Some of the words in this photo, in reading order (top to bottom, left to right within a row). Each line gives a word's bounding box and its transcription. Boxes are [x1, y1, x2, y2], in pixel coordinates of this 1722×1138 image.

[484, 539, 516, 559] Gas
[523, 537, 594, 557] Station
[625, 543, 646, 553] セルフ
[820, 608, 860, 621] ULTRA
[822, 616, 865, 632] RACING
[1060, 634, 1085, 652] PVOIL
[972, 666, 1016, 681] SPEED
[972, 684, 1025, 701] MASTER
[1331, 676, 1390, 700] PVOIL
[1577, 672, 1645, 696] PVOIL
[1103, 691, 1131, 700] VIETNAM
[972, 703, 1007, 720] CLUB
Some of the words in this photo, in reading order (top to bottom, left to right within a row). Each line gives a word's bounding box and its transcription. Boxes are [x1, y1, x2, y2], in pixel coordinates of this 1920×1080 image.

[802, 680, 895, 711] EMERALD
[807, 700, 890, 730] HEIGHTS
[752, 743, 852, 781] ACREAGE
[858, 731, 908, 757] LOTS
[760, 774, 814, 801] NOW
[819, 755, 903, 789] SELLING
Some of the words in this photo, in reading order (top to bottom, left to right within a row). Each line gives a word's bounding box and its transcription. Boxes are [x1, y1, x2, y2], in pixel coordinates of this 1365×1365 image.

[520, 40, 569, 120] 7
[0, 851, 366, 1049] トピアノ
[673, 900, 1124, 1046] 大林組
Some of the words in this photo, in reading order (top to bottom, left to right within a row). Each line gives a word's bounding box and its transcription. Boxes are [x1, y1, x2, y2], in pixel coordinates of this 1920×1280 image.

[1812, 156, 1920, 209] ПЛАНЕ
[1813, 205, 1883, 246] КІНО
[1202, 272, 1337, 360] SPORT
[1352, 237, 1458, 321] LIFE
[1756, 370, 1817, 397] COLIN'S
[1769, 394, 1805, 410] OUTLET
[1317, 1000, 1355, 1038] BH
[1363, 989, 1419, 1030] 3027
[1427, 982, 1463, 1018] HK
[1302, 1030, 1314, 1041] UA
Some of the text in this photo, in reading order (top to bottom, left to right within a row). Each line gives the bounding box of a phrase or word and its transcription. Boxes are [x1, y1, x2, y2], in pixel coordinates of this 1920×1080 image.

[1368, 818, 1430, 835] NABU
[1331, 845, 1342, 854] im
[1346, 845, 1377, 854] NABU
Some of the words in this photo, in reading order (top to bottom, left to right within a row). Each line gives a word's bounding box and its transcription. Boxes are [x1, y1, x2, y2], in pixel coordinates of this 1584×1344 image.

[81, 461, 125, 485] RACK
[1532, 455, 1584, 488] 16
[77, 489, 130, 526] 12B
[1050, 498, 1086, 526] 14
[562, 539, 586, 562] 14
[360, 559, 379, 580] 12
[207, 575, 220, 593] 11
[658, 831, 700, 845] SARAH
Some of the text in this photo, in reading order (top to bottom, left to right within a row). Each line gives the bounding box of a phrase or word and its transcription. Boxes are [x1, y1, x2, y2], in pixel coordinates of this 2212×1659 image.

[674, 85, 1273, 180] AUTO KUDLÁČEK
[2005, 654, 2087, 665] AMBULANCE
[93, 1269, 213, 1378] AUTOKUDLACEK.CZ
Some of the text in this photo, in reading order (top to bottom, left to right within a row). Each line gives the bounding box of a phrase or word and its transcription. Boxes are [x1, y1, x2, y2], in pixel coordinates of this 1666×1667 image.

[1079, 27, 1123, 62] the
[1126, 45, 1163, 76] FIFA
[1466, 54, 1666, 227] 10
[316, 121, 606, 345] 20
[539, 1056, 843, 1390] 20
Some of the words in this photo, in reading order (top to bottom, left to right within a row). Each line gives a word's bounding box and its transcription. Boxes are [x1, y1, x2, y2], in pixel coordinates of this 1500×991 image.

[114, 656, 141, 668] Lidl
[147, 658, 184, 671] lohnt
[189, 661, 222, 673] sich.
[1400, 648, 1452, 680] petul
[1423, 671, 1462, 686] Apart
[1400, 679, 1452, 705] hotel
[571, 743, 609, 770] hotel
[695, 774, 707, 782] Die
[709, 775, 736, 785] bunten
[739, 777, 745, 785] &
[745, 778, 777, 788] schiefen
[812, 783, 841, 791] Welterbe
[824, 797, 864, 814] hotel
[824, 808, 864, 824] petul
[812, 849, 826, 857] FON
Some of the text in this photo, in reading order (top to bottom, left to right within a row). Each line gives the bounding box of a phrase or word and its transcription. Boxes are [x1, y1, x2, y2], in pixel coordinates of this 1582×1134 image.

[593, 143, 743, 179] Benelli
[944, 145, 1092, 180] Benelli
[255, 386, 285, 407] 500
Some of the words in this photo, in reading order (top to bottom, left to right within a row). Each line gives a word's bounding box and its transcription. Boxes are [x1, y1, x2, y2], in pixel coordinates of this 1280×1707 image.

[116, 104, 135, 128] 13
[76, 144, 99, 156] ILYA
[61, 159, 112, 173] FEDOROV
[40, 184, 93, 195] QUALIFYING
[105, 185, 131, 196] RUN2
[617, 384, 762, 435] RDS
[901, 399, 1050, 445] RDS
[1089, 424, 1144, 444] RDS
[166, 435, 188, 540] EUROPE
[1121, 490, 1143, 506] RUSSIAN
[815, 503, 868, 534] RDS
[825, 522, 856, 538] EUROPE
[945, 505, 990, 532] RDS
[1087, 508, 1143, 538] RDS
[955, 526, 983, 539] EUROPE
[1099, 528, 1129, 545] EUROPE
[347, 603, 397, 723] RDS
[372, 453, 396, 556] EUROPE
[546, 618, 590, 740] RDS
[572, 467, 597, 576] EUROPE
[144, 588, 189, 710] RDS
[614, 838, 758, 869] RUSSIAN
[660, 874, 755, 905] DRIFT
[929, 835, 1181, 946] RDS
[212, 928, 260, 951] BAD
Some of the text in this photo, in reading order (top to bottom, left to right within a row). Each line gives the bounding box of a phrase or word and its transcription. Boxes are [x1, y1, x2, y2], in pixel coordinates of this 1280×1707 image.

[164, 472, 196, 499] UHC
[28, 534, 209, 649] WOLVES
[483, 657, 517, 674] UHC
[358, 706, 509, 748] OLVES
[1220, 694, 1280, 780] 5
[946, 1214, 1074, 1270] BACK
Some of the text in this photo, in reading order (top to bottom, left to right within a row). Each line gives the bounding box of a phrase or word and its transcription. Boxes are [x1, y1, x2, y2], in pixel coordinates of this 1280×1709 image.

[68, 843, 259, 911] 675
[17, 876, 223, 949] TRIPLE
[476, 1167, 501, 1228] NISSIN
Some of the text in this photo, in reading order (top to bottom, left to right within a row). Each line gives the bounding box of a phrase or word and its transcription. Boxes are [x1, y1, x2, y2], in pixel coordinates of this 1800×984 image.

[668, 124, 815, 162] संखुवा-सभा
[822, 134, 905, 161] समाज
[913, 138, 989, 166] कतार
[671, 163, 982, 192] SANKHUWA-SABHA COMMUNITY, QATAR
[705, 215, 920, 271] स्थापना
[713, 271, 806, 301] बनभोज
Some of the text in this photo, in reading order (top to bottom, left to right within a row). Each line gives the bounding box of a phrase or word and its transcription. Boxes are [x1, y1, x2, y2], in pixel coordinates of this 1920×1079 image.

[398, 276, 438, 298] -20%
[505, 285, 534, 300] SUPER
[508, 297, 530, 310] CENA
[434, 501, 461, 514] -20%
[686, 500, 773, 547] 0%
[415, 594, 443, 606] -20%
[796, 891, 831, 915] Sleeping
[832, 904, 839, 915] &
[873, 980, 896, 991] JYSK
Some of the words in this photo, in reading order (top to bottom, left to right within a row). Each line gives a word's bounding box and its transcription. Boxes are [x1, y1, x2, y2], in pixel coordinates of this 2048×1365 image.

------------------------------------------------------------------------

__ASSIGNED TASK__. Reproduce each record shown above without altering a single word.

__FINISHED EXERCISE__.
Some of the words in this photo, in reading order (top to bottom, left to right within a row). Each line gives a word's bounding box and its transcription. Boxes are [x1, y1, x2, y2], in pixel coordinates of this 1722×1138 image.

[484, 539, 516, 559] Gas
[523, 537, 594, 557] Station
[625, 543, 646, 553] セルフ
[820, 608, 860, 621] ULTRA
[822, 616, 865, 632] RACING
[1060, 634, 1085, 652] PVOIL
[972, 666, 1016, 681] SPEED
[972, 684, 1025, 701] MASTER
[1331, 676, 1390, 700] PVOIL
[1577, 672, 1645, 696] PVOIL
[1103, 691, 1131, 700] VIETNAM
[972, 703, 1007, 720] CLUB
Some of the words in this photo, in reading order (top to bottom, left to right within a row). Each line gives a word's bounding box and its transcription. Boxes are [x1, y1, x2, y2], in pixel coordinates of this 1920×1080 image.

[802, 680, 895, 711] EMERALD
[807, 700, 890, 730] HEIGHTS
[752, 743, 852, 781] ACREAGE
[858, 731, 908, 757] LOTS
[760, 774, 814, 801] NOW
[819, 755, 903, 789] SELLING
Some of the words in this photo, in reading order (top to bottom, left to right within a row). Each line gives a word's bounding box and its transcription. Boxes are [x1, y1, x2, y2], in pixel coordinates of this 1365×1365 image.

[520, 40, 569, 120] 7
[0, 851, 366, 1049] トピアノ
[673, 900, 1124, 1046] 大林組
Some of the words in this photo, in reading order (top to bottom, left to right within a row). Each line gives a word's bounding box and its transcription. Boxes are [x1, y1, x2, y2], in pixel coordinates of this 1920×1280 image.

[1812, 156, 1920, 209] ПЛАНЕ
[1813, 205, 1883, 246] КІНО
[1202, 272, 1337, 360] SPORT
[1352, 237, 1458, 321] LIFE
[1756, 370, 1817, 397] COLIN'S
[1769, 394, 1805, 410] OUTLET
[1317, 1000, 1355, 1038] BH
[1363, 989, 1419, 1030] 3027
[1427, 982, 1463, 1018] HK
[1302, 1030, 1314, 1041] UA
Some of the text in this photo, in reading order (top to bottom, left to right within a row). Each line gives the bounding box of a phrase or word and its transcription. Boxes are [x1, y1, x2, y2], in pixel coordinates of this 1920×1080 image.

[1368, 818, 1430, 835] NABU
[1331, 845, 1342, 854] im
[1346, 845, 1377, 854] NABU
Some of the words in this photo, in reading order (top to bottom, left to right within a row). Each line gives a word's bounding box and its transcription. Boxes are [x1, y1, x2, y2], in pixel coordinates of this 1584×1344 image.

[81, 461, 125, 485] RACK
[1532, 455, 1584, 488] 16
[77, 489, 130, 526] 12B
[1050, 498, 1086, 526] 14
[562, 539, 586, 562] 14
[360, 559, 379, 580] 12
[207, 575, 220, 593] 11
[658, 831, 700, 845] SARAH
Some of the text in this photo, in reading order (top to bottom, left to right within a row). Each line gives the bounding box of a phrase or word and its transcription. Boxes are [x1, y1, x2, y2], in pixel coordinates of this 2212×1659 image.

[674, 85, 1273, 180] AUTO KUDLÁČEK
[2005, 654, 2087, 665] AMBULANCE
[93, 1269, 213, 1378] AUTOKUDLACEK.CZ
Some of the text in this photo, in reading order (top to bottom, left to right within a row). Each line gives the bounding box of a phrase or word and its transcription. Boxes are [x1, y1, x2, y2], in pixel coordinates of this 1666×1667 image.

[1079, 27, 1123, 62] the
[1126, 45, 1163, 76] FIFA
[1466, 54, 1666, 227] 10
[316, 121, 606, 345] 20
[539, 1056, 843, 1390] 20
Some of the words in this photo, in reading order (top to bottom, left to right within a row). Each line gives a word's bounding box and its transcription. Boxes are [x1, y1, x2, y2], in pixel coordinates of this 1500×991 image.

[114, 656, 141, 668] Lidl
[147, 658, 184, 671] lohnt
[189, 661, 222, 673] sich.
[1400, 648, 1452, 680] petul
[1423, 671, 1462, 686] Apart
[1400, 679, 1452, 705] hotel
[571, 743, 609, 770] hotel
[695, 774, 707, 782] Die
[709, 775, 736, 785] bunten
[739, 777, 745, 785] &
[745, 778, 777, 788] schiefen
[812, 783, 841, 791] Welterbe
[824, 797, 864, 814] hotel
[824, 808, 864, 824] petul
[812, 849, 826, 857] FON
Some of the text in this photo, in reading order (top to bottom, left to right within a row). Each line gives the bounding box of a phrase or word and its transcription. Boxes are [x1, y1, x2, y2], in pixel coordinates of this 1582×1134 image.

[593, 143, 743, 179] Benelli
[944, 145, 1092, 180] Benelli
[255, 386, 285, 407] 500
Some of the words in this photo, in reading order (top to bottom, left to right within a row). Each line gives a word's bounding box and its transcription. Boxes are [x1, y1, x2, y2], in pixel coordinates of this 1280×1707 image.

[116, 104, 135, 128] 13
[76, 144, 99, 156] ILYA
[61, 159, 112, 173] FEDOROV
[40, 184, 93, 195] QUALIFYING
[105, 185, 131, 196] RUN2
[617, 384, 762, 435] RDS
[901, 399, 1050, 445] RDS
[1089, 424, 1144, 444] RDS
[166, 435, 188, 540] EUROPE
[1121, 490, 1143, 506] RUSSIAN
[815, 503, 868, 534] RDS
[825, 522, 856, 538] EUROPE
[945, 505, 990, 532] RDS
[1087, 508, 1143, 538] RDS
[955, 526, 983, 539] EUROPE
[1099, 528, 1129, 545] EUROPE
[347, 603, 397, 723] RDS
[372, 453, 396, 556] EUROPE
[546, 618, 590, 740] RDS
[572, 467, 597, 576] EUROPE
[144, 588, 189, 710] RDS
[614, 838, 758, 869] RUSSIAN
[660, 874, 755, 905] DRIFT
[929, 835, 1181, 946] RDS
[212, 928, 260, 951] BAD
Some of the text in this photo, in reading order (top to bottom, left to right within a row). Each line gives the bounding box of a phrase or word and its transcription. Boxes are [x1, y1, x2, y2], in pixel coordinates of this 1280×1707 image.

[164, 472, 196, 499] UHC
[28, 534, 209, 649] WOLVES
[483, 657, 517, 674] UHC
[358, 706, 509, 748] OLVES
[1220, 694, 1280, 780] 5
[946, 1214, 1074, 1270] BACK
Some of the text in this photo, in reading order (top to bottom, left to right within a row). Each line gives the bounding box of a phrase or word and its transcription. Boxes are [x1, y1, x2, y2], in pixel coordinates of this 1280×1709 image.

[68, 843, 259, 911] 675
[17, 876, 223, 949] TRIPLE
[476, 1167, 501, 1228] NISSIN
Some of the text in this photo, in reading order (top to bottom, left to right within a row). Each line gives the bounding box of a phrase or word and its transcription. Boxes are [x1, y1, x2, y2], in pixel coordinates of this 1800×984 image.

[668, 124, 815, 162] संखुवा-सभा
[822, 134, 905, 161] समाज
[913, 138, 989, 166] कतार
[671, 163, 982, 192] SANKHUWA-SABHA COMMUNITY, QATAR
[705, 215, 920, 271] स्थापना
[713, 271, 806, 301] बनभोज
Some of the text in this photo, in reading order (top to bottom, left to right within a row). Each line gives the bounding box of a phrase or word and its transcription. Boxes are [x1, y1, x2, y2], in pixel coordinates of this 1920×1079 image.

[398, 276, 438, 298] -20%
[505, 285, 534, 300] SUPER
[508, 297, 530, 310] CENA
[434, 501, 461, 514] -20%
[686, 500, 773, 547] 0%
[415, 594, 443, 606] -20%
[796, 891, 831, 915] Sleeping
[832, 904, 839, 915] &
[873, 980, 896, 991] JYSK
Some of the words in this photo, in reading order (top to bottom, left to right within a row). Each line gives a word's bounding box and its transcription. Boxes are [x1, y1, x2, y2], in pixel coordinates of this 2048×1365 image.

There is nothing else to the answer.